• TASK STATEMENT
Please repeat the lines below exactly. Begin with the line containing "Some of the text" and go on through the line containing "this 1440×1920 image.".

** RECORDS SHOWN follows **

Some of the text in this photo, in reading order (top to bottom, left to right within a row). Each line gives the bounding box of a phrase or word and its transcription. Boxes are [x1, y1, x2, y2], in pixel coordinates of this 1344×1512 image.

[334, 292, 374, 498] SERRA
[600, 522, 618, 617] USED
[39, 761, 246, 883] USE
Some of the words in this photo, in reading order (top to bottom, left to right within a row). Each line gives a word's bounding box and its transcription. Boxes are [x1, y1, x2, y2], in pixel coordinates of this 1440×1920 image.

** End of RECORDS SHOWN **
** RECORDS SHOWN follows **

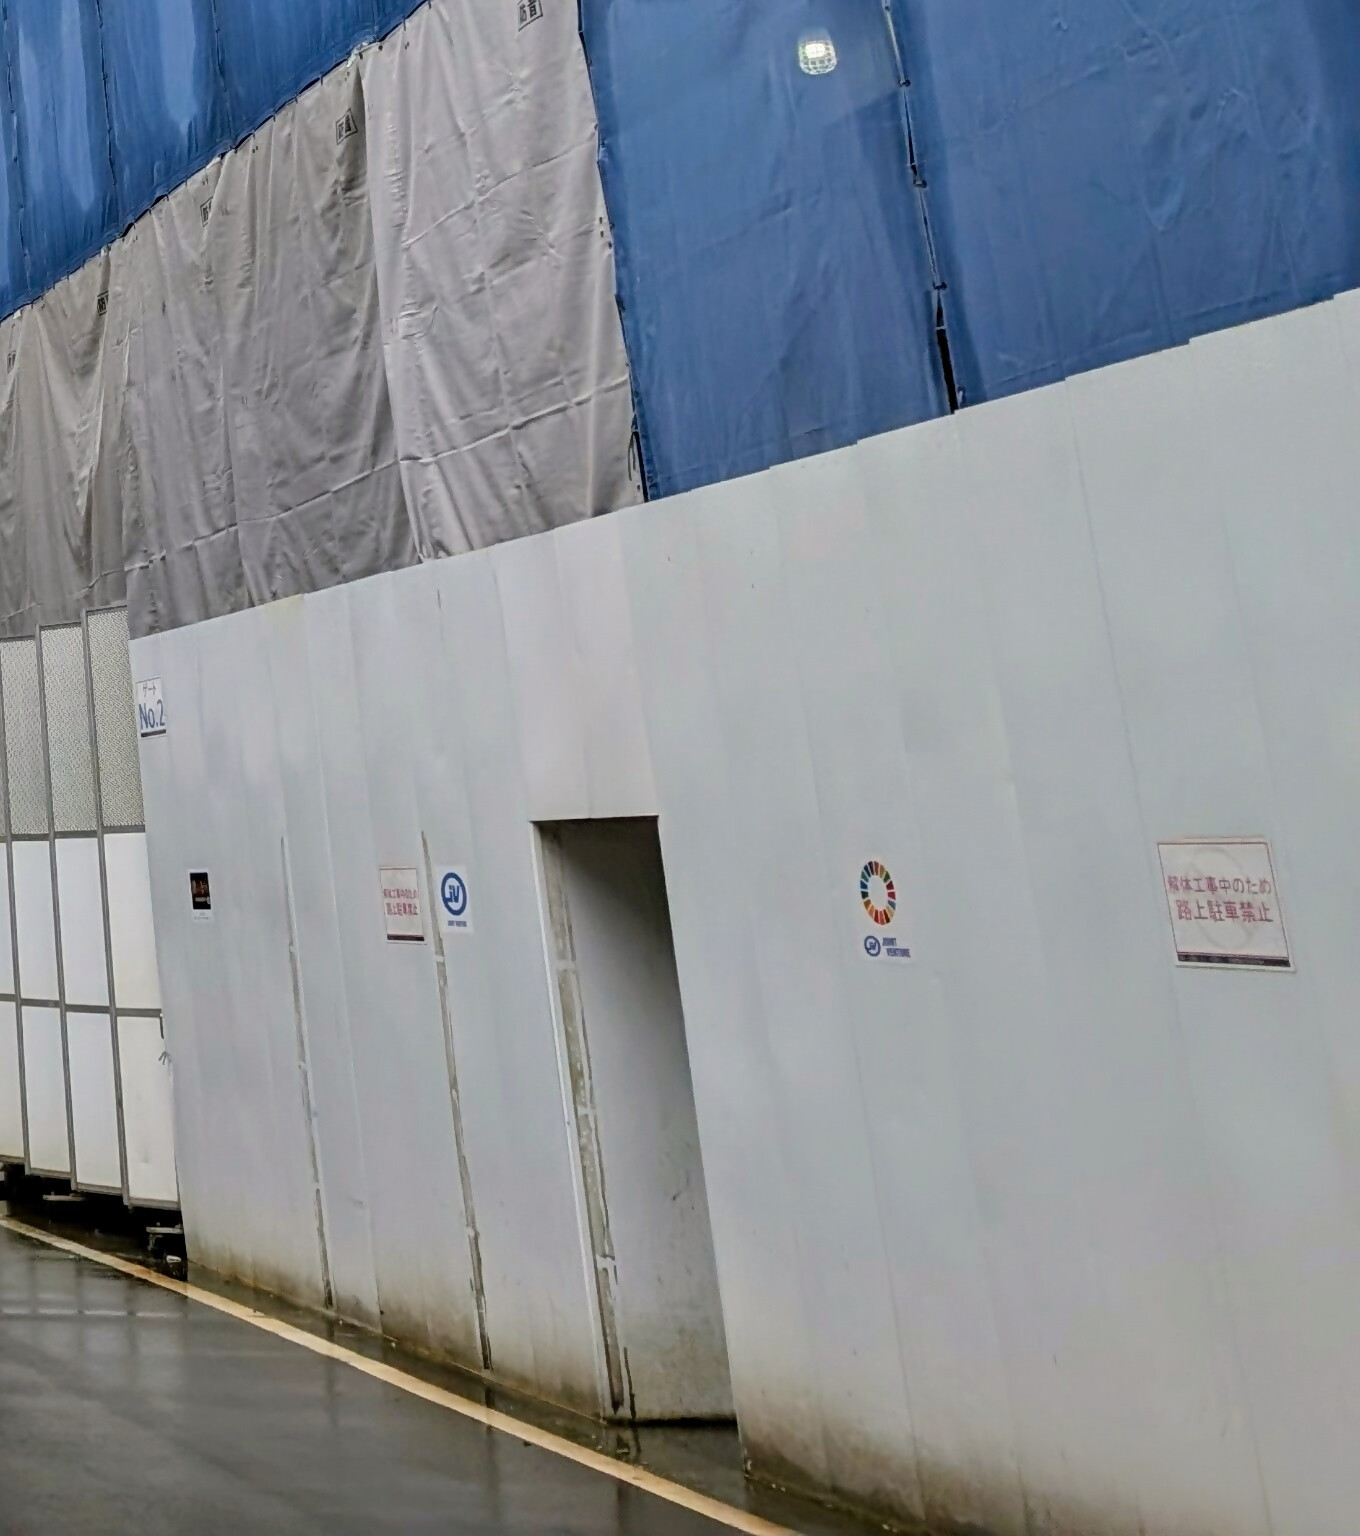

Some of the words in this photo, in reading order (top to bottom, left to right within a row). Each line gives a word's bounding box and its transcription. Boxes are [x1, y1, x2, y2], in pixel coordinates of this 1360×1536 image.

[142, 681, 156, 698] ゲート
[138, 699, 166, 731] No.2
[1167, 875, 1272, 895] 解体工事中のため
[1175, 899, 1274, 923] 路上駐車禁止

** End of RECORDS SHOWN **
** RECORDS SHOWN follows **

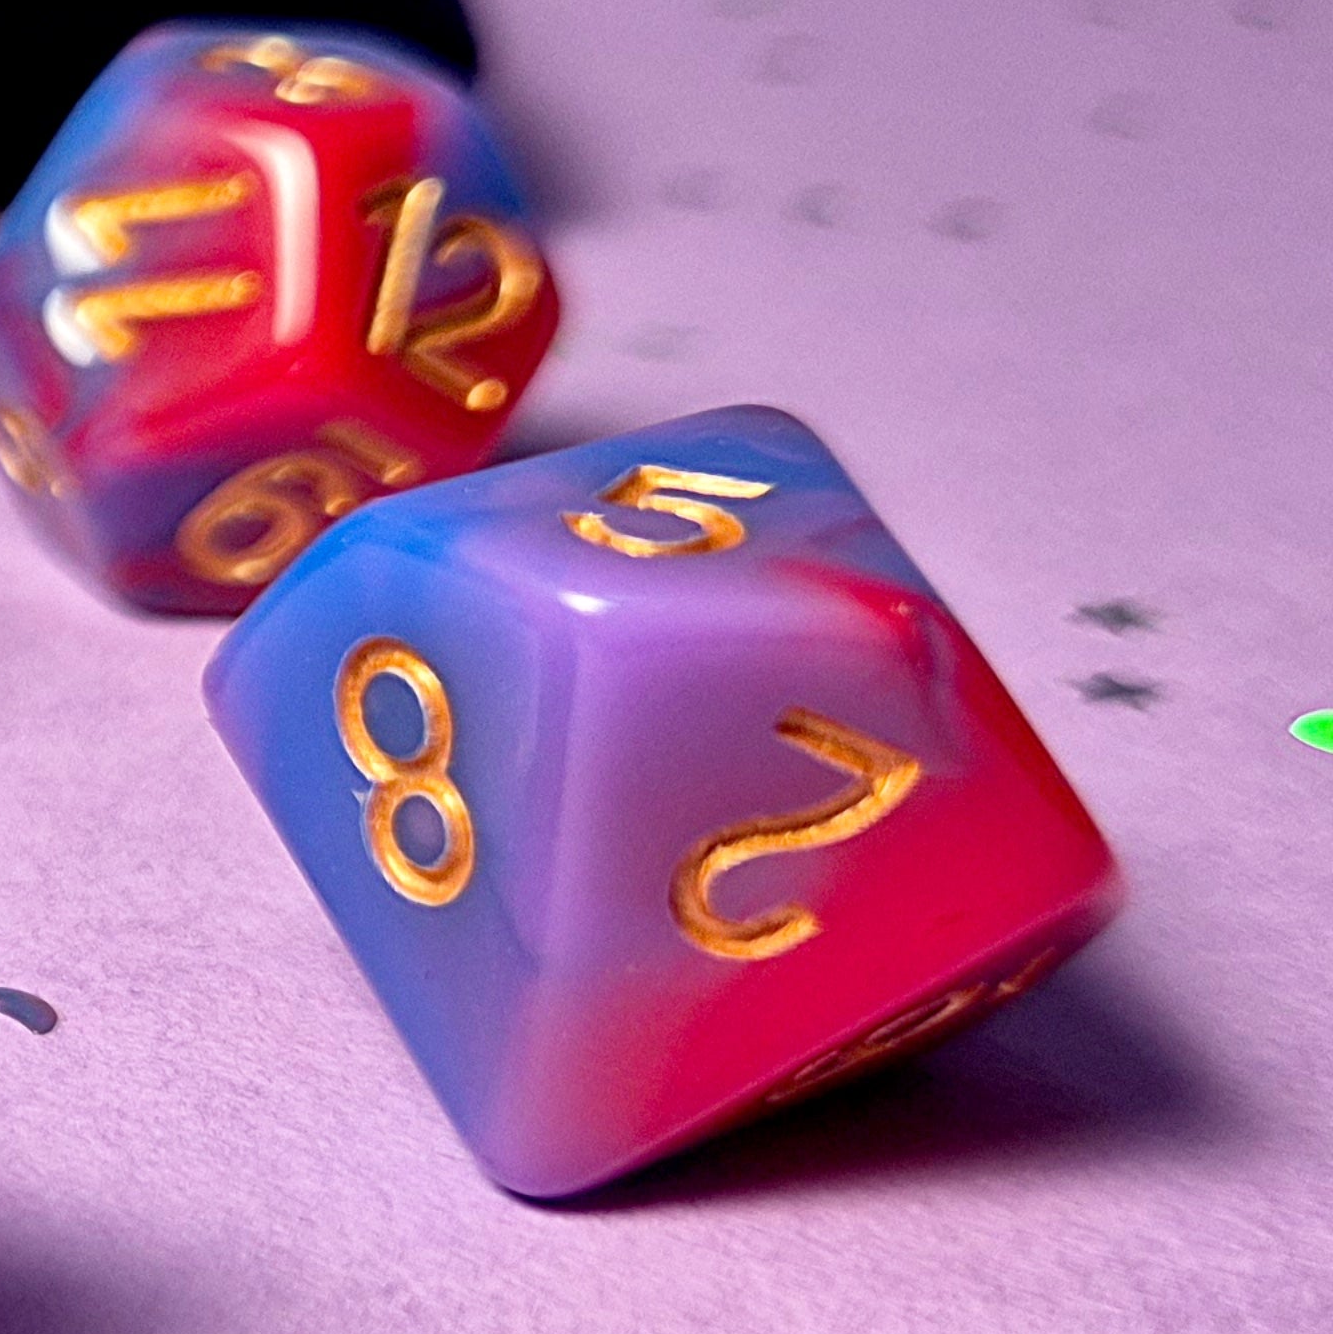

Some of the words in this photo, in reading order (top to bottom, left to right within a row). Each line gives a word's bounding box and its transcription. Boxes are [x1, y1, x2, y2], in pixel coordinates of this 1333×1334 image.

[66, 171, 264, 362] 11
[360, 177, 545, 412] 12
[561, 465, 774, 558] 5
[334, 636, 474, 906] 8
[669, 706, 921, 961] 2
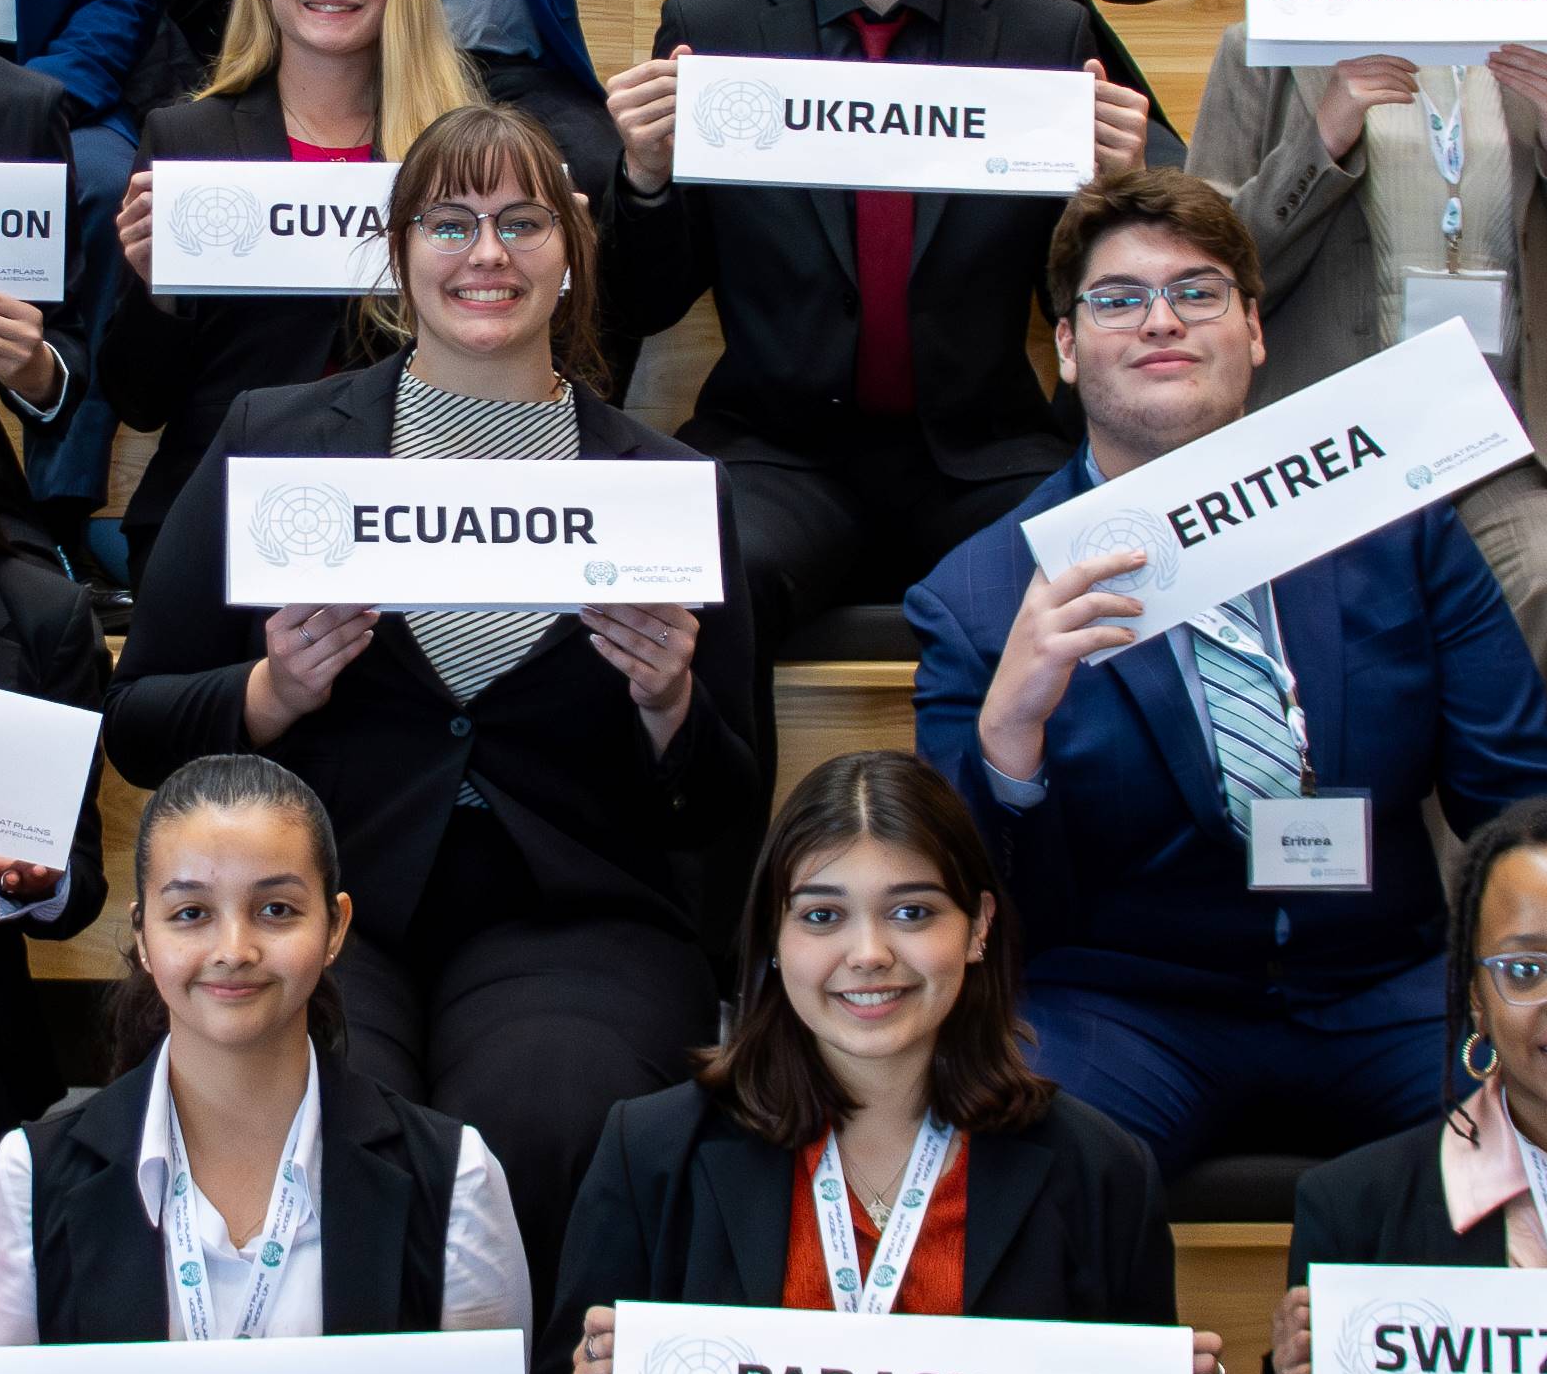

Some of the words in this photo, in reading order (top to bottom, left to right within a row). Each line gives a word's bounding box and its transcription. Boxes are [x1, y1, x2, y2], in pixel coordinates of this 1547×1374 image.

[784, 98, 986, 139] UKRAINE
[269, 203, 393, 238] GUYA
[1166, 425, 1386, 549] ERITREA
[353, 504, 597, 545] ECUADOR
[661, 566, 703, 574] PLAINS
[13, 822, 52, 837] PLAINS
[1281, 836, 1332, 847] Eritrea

** End of RECORDS SHOWN **

• ANSWER SPACE
Some of the text in this photo, in reading order (top to bottom, left to right within a row). Each line gives the bounding box of a phrase or word and its transcription. Boxes are [x1, y1, x2, y2], in pixel coordinates of this 1344×1512 image.

[334, 292, 374, 498] SERRA
[600, 522, 618, 617] USED
[39, 761, 246, 883] USE
Some of the words in this photo, in reading order (top to bottom, left to right within a row). Each line gives a word's bounding box and its transcription. Boxes are [x1, y1, x2, y2], in pixel coordinates of this 1440×1920 image.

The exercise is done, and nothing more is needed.